Ces observations ont conduit les chercheurs à demander un examen plus approfondi de la variole du singe et du sexe. “La transmission sexuelle est plausible chez certains de ces patients par contact étroit peau à peau”, a déclaré l’équipe d’Ogoina. écrit à l’époque. “Le rôle des sécrétions génitales dans la transmission du monkeypox humain mérite cependant des études plus approfondies.”

Il est particulièrement important d’étudier la possibilité d’une transmission sans lésion, dit Ogoina, car “il est inhabituel pour une personne présentant une éruption génitale douloureuse de s’engager dans une activité sexuelle alors que la lésion est active”.

UN étude récente en Espagne ont également suggéré que le monkeypox pouvait se propager directement par le sexe. L’équipe a isolé l’ADN du monkeypox de la salive, du sperme et des écouvillons rectaux, une première étape pour trouver une nouvelle source de transmission. Cependant, l’étude n’a pas développé de virus vivant à partir de ces échantillons, il n’est donc pas clair s’ils auraient pu être des sources de transmission.

Mais Rimoin de l’UCLA dit de ne pas trop mettre l’accent sur ces premiers rapports. “Ce n’est pas parce qu’il se propage via les réseaux sexuels que le virus a nécessairement changé.”

Il existe d’autres explications plausibles à l’abondance des lésions génitales. En règle générale, l’éruption cutanée initiale du virus apparaît sur le site où une personne a été infectée. Et s’il se propage pendant les rapports sexuels – ce qui implique généralement de nombreux contacts peau-génitales – vous pourriez voir une fréquence plus élevée de lésions génitales sans que rien n’ait changé au sujet du virus.

Le long terme

Les épidémiologistes qui étudient d’autres épidémies ont constaté que dans la plupart des cas, il est assez difficile pour le monkeypox de se propager d’une personne à l’autre. Les cliniciens qui ont étudié l’épidémie de 2017 au Nigéria ont découvert que seuls quelques cas étaient associés à une transmission communautaire – les autres provenaient tous d’un animal hôte inconnu.
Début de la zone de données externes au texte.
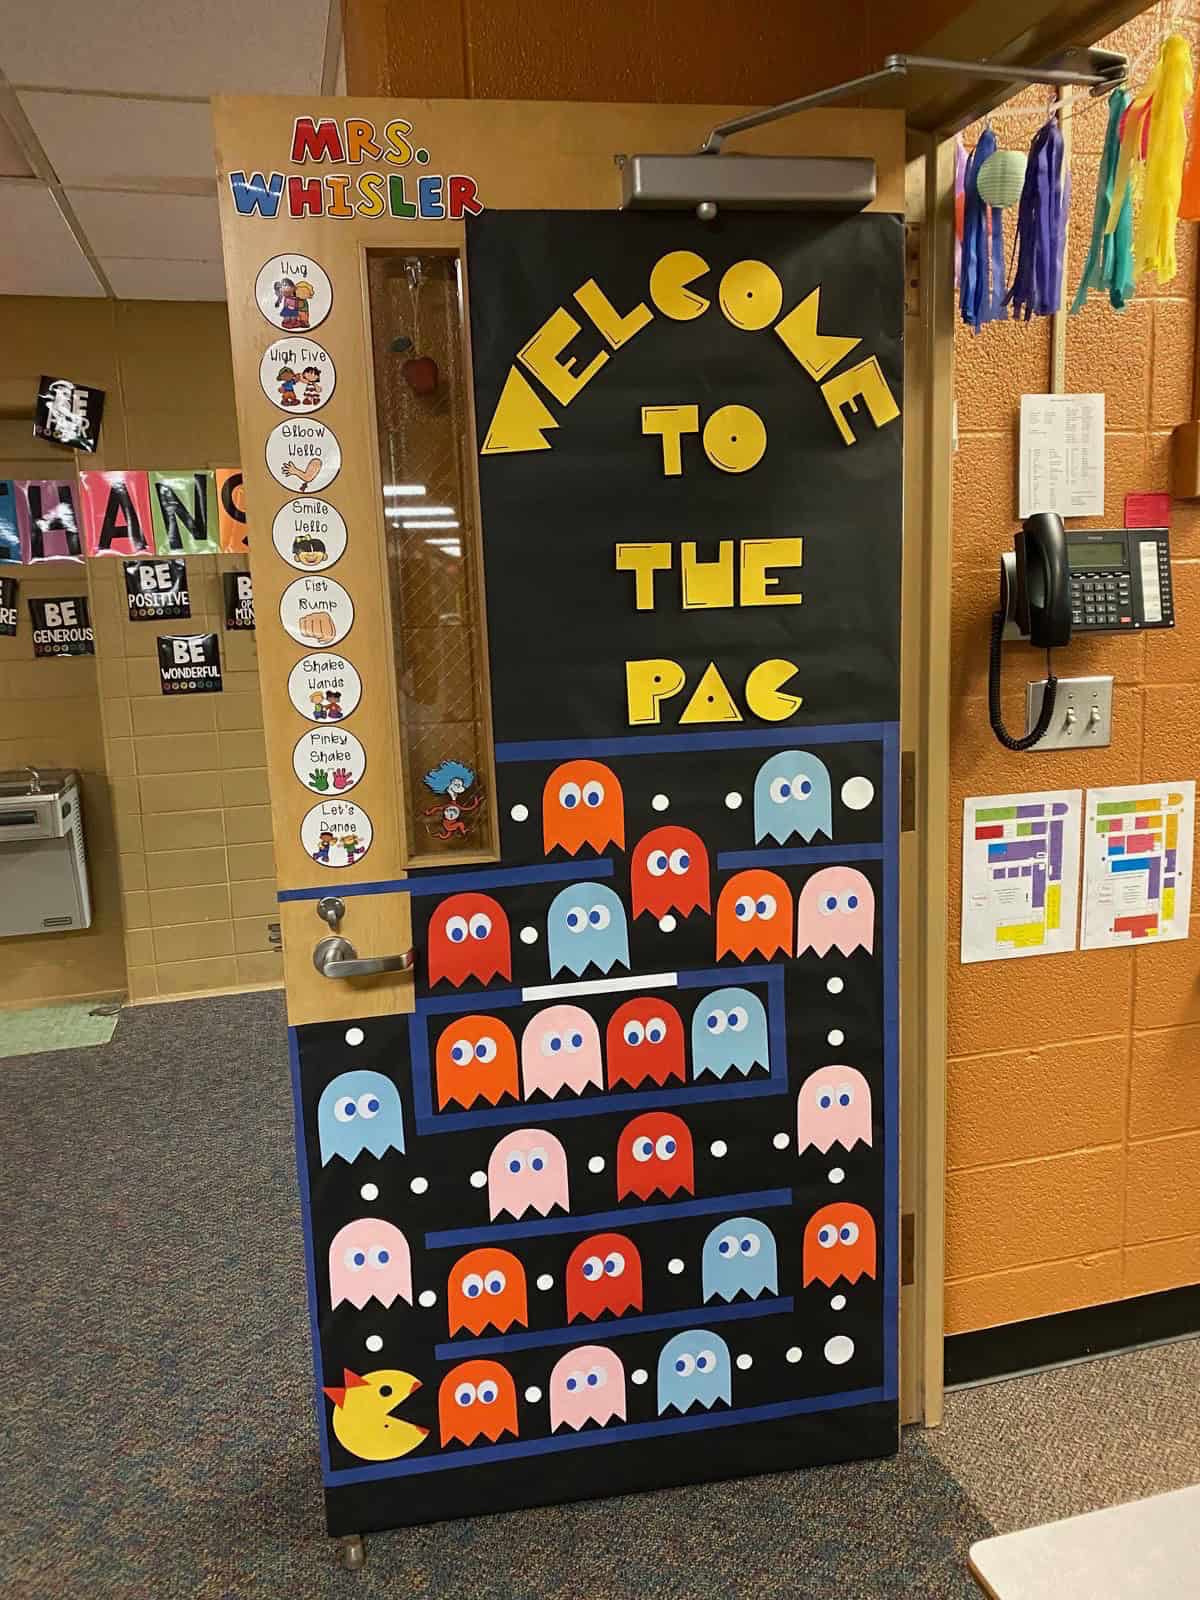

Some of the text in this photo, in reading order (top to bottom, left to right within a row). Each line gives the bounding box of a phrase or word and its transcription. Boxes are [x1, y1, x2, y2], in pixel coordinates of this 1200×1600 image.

Le mouvement rapide de cette épidémie semble être dû, en partie, au fait que le sexe est un cadre facile pour la propagation du virus. “C’est juste beaucoup de contact peau-peau”, dit Rimoin. “C’est la clé.”

Mais avec plus d’un millier de cas dans le monde, d’autres cas apparaîtront en dehors des réseaux sexuels masculins “presque certainement”, déclare Butler-Wu.

Le suivi de ces cas pourrait être un moyen de comprendre à quel point la variole du singe dépend de la transmission pendant les rapports sexuels pour alimenter une épidémie. L’équipe de modélisation de la London School of Hygiene and Tropical Medicine a noté dans son article qu’en comparant le nombre de cas liés aux contacts sexuels avec ceux dans d’autres contextes, les chercheurs pourraient fournir une estimation de la facilité avec laquelle le virus se propage en dehors des contacts sexuels.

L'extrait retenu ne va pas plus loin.